In recent years, significant advances have been achieved in the development of topical glaucoma medications (Camras et al 1996; Silver 1998; Brubaker et al 2000), and options for combination therapy have increased. Because a significant proportion of glaucoma patients eventually need more than one agent for adequate control of intraocular pressure (IOP) (Kobelt-Nguyen et al 1998), it is important to reduce adverse ocular or systemic events in those treated with combination therapy. Using prostaglandin analogs as first-line treatment has given rise to numerous studies in search for the most effective and best-tolerated combination, from both a local and a systemic perspective. IOP reduction rates with various agents have been reported as follows: timolol 0.5% monotherapy, approximately 23.4% (Schenker et al 1999); topical carbonic anhydrase inhibitors (CAIs) such as brinzolamide, 13.2%–16.7% (Sall 2000); and dorzolamide, 19.4% (Arici et al 1998). Meta-analysis of the IOP-lowering effects of several glaucoma medications demonstrated similar results (van der Valk 2005), with IOP reduction rates being highest with beta-blockers. The combination of a prostaglandin analog plus a beta-blocker has been extensively studied and is probably the most commonly used combination (Alm et al 1995; Larsson 2001; Higginbotham et al 2002). It is noteworthy that the addition of a topical beta-blocker to latanoprost provides a slight additional IOP reduction (Bucci 1999; O’Connor et al 2002). The efficacy of combination therapy using a topical CAI and latanoprost has not been studied to the same extent as that of latanoprost in combination with a beta-blocker; however, dorzolamide and brinzolamide have been reported to lower IOP at least as effectively as a beta-blocker when added to latanoprost (O’Connor et al 2002; Shoji 2005). This option of latanoprost and topical CAI combination therapy may confer advantages for glaucoma patients as both drugs present an excellent systemic safety profile.
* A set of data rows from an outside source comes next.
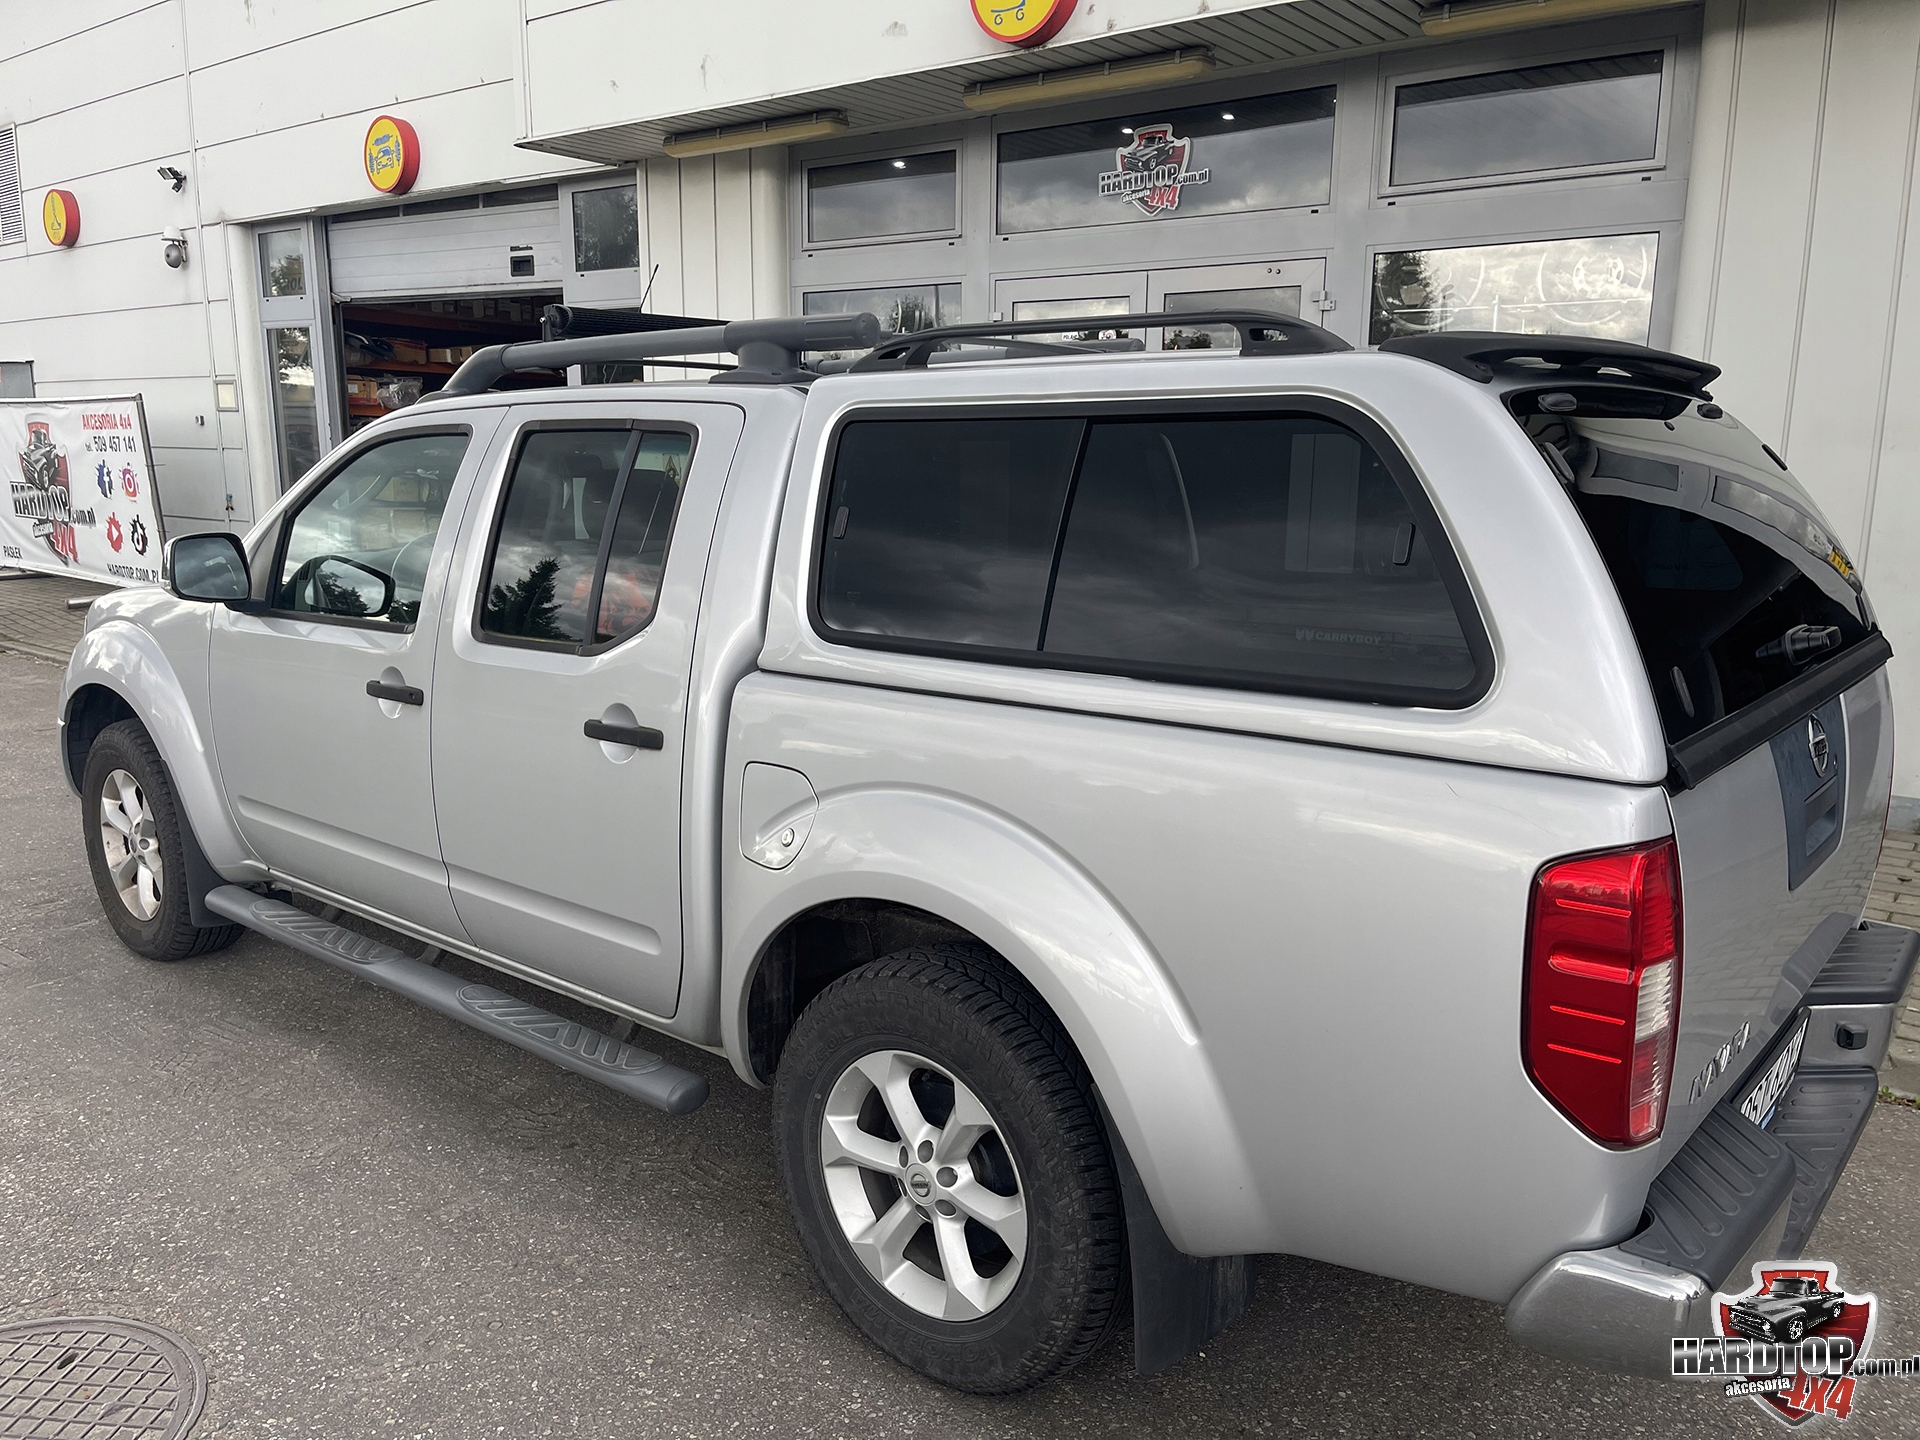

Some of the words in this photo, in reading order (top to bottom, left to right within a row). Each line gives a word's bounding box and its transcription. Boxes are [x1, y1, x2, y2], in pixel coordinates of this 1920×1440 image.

[82, 413, 118, 430] AKCESORIA
[119, 413, 132, 430] 4x4
[93, 435, 107, 452] 509
[109, 435, 121, 452] 457
[123, 435, 136, 452] 141
[1315, 631, 1381, 644] CARRYBOY
Brinzolamide (1% ophthalmic solution) is a topical CAI that, like dorzolamide, is known to lower IOP by inhibiting the production of aqueous humor (Silver 1998; Schenker et al 1999; Brubaker et al 2000; DeSantis 2000; March and Ochsner 2000; Michaud and Friren 2001). The IOP-lowering effect of brinzolamide 1.0% is reported to be equivalent to that of dorzolamide 2%, both as monotherapy (Barnebey and Kwok 2000; Sall 2000) and in combination therapy with timolol (Michaud and Friren 2001). Furthermore, when brinzolamide is substituted for dorzolamide, IOP is further decreased (Barnebey and Kwok 2000) or is equal to IOP before substitution (Kobayashi et al 2004; Kubota et al 2004). In evaluations of ocular adverse events, dorzolamide has reportedly caused more intense ocular irritation than brinzolamide (Barnebey and Kwok 2000; Sall 2000; Silver 2000; Michaud and Friren 2001; Seong et al 2001; Kobayashi et al 2004; Stewart et al 2004; Tsukamoto et al 2005). The incidence of ocular discomfort or blurred vision for brinzolamide is significantly higher than that of dorzolamide in one study (Silver 2000), but not statistically significant in other studies (Sall 2000; Michaud and Friren 2001; Stewart et al 2004; Tsukamoto et al 2005). Thus brinzolamide 1% twice daily was selected as the topical CAI in this study.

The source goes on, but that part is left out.